» ABOUT THIS TASK
Every line in the data below has to be repeated exactly; no picture belongs in the result.

» DATA FOR REVIEW
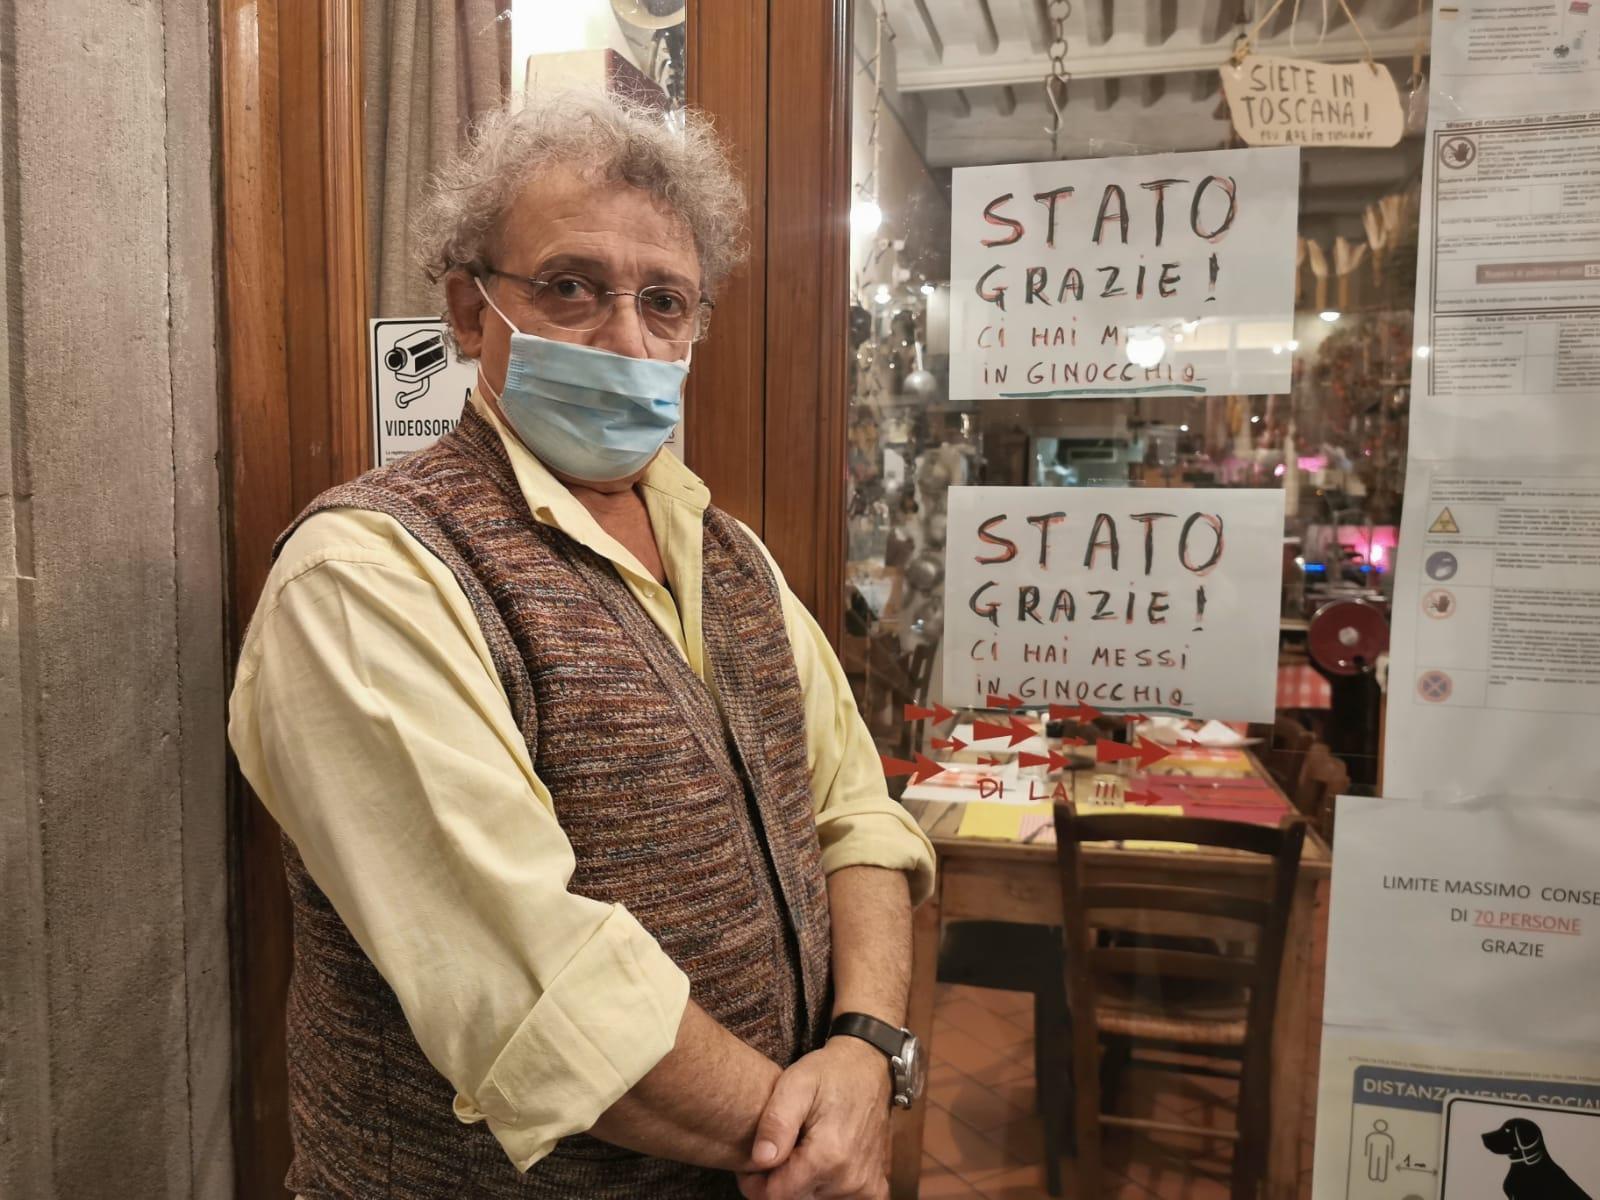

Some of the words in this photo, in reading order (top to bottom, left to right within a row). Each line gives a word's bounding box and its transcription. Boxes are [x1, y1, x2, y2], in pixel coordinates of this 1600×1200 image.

[1250, 60, 1317, 94] SIETE
[1332, 73, 1355, 97] IN
[980, 174, 1238, 249] STATO
[1026, 361, 1198, 386] GINOCCHIO
[974, 510, 1224, 577] STATO
[1019, 676, 1184, 706] GINOCCHIO
[977, 778, 1003, 799] DI
[1383, 875, 1440, 894] LIMITE
[1444, 880, 1531, 899] MASSIMO
[1451, 908, 1468, 923] DI
[1474, 910, 1495, 925] 70
[1500, 911, 1582, 933] PERSONE
[1481, 939, 1545, 958] GRAZIE

» ANSWER TO THIS TASK
Some of the words in this photo, in reading order (top to bottom, left to right within a row). Each line gives a word's bounding box and its transcription. Boxes are [x1, y1, x2, y2], in pixel coordinates of this 1600×1200 image.

[1250, 60, 1317, 94] SIETE
[1332, 73, 1355, 97] IN
[980, 174, 1238, 249] STATO
[1026, 361, 1198, 386] GINOCCHIO
[974, 510, 1224, 577] STATO
[1019, 676, 1184, 706] GINOCCHIO
[977, 778, 1003, 799] DI
[1383, 875, 1440, 894] LIMITE
[1444, 880, 1531, 899] MASSIMO
[1451, 908, 1468, 923] DI
[1474, 910, 1495, 925] 70
[1500, 911, 1582, 933] PERSONE
[1481, 939, 1545, 958] GRAZIE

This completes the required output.